_Work to be completed_.
Where in the data below does the word "image" appear? Copy each line that holds it.

(Records contained in a dataset)

-=-=-=-=-

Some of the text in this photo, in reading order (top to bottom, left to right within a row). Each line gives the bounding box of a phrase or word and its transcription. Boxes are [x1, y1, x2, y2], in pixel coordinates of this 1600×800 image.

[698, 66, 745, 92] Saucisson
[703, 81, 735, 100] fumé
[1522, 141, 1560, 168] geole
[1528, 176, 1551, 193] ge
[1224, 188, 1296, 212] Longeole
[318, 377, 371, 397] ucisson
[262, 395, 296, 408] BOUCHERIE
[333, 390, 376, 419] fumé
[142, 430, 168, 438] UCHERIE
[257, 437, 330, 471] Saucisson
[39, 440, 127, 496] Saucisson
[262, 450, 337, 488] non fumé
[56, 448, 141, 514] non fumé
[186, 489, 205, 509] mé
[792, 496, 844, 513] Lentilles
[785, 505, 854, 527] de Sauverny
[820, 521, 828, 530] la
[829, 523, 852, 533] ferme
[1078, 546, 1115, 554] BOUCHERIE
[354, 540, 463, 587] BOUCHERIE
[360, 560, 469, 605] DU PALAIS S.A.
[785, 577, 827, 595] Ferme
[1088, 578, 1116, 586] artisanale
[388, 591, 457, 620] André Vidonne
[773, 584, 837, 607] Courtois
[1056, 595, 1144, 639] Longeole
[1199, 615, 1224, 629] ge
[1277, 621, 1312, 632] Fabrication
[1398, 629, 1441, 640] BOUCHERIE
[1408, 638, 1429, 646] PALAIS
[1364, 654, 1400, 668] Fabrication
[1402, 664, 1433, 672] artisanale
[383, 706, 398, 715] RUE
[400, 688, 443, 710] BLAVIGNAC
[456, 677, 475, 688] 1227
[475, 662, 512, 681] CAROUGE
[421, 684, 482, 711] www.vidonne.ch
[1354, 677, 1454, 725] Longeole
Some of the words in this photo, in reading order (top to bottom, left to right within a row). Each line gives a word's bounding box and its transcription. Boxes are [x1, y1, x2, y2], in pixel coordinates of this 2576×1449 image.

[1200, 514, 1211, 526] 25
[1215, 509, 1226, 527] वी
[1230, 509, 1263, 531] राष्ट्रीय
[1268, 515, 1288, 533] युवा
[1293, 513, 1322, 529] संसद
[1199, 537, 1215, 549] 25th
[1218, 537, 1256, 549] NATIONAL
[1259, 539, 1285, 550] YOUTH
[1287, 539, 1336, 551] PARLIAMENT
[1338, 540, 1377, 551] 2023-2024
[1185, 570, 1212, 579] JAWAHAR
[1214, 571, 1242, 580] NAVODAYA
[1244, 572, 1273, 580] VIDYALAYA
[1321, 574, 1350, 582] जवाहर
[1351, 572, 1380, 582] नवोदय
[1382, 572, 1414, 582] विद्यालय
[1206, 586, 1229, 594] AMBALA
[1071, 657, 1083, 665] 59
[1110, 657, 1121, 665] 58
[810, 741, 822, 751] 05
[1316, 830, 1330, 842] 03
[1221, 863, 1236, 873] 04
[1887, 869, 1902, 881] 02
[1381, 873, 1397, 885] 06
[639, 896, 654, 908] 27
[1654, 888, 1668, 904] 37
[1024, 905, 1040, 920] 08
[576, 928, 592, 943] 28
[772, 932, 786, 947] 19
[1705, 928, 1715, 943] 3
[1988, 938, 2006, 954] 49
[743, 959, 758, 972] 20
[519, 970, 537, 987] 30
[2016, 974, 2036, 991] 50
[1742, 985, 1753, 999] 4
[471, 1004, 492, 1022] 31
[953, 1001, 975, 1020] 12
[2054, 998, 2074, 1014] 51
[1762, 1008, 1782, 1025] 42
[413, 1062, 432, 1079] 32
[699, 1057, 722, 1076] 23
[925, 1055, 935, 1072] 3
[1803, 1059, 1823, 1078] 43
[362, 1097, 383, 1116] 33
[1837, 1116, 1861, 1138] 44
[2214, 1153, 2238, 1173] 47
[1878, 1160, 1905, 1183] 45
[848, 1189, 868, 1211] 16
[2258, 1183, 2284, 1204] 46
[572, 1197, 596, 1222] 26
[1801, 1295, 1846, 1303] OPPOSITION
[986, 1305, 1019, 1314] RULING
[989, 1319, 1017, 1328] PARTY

-=-=-=-=-

_Written response_.
Some of the text in this photo, in reading order (top to bottom, left to right within a row). Each line gives the bounding box of a phrase or word and its transcription. Boxes are [x1, y1, x2, y2], in pixel coordinates of this 1600×800 image.
Some of the words in this photo, in reading order (top to bottom, left to right within a row). Each line gives a word's bounding box and its transcription. Boxes are [x1, y1, x2, y2], in pixel coordinates of this 2576×1449 image.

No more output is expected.